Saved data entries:
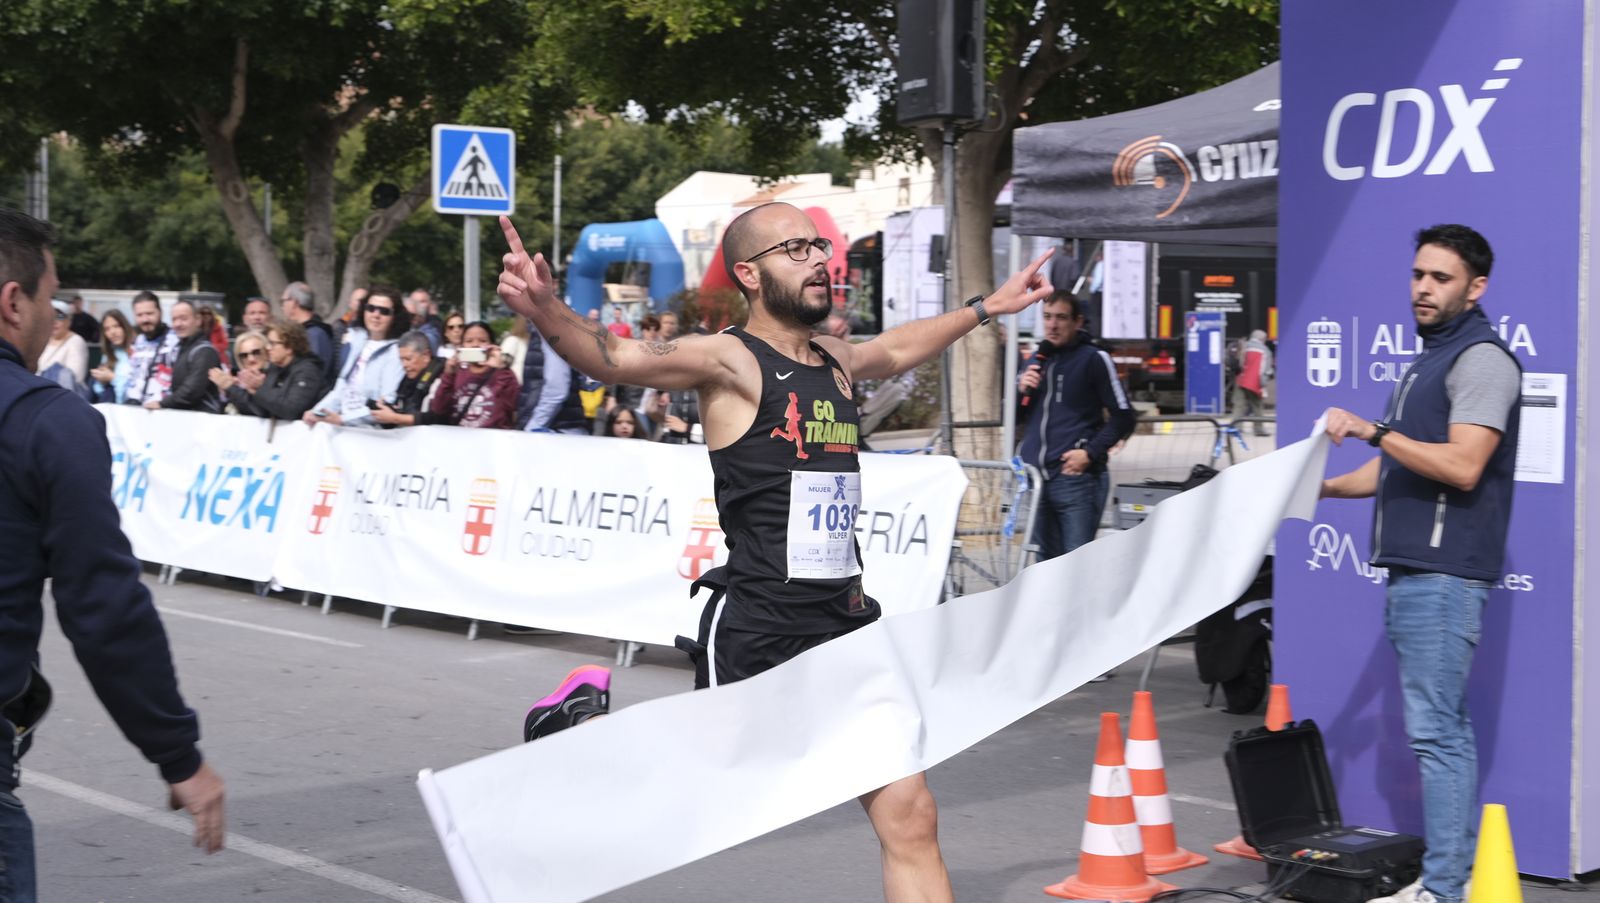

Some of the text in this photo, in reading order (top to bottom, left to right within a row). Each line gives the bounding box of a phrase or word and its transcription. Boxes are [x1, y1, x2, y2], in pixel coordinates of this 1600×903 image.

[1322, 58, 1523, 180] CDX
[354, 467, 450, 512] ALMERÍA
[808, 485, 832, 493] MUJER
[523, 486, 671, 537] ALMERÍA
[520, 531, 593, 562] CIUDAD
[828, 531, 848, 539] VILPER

WORK ORDER:
Repeat the data word for word, excluding any image.

RESPONSE BOX:
Some of the text in this photo, in reading order (top to bottom, left to right within a row). Each line gives the bounding box of a phrase or word and its transcription. Boxes are [x1, y1, x2, y2], in pixel coordinates of this 1600×903 image.

[1322, 58, 1523, 180] CDX
[354, 467, 450, 512] ALMERÍA
[808, 485, 832, 493] MUJER
[523, 486, 671, 537] ALMERÍA
[520, 531, 593, 562] CIUDAD
[828, 531, 848, 539] VILPER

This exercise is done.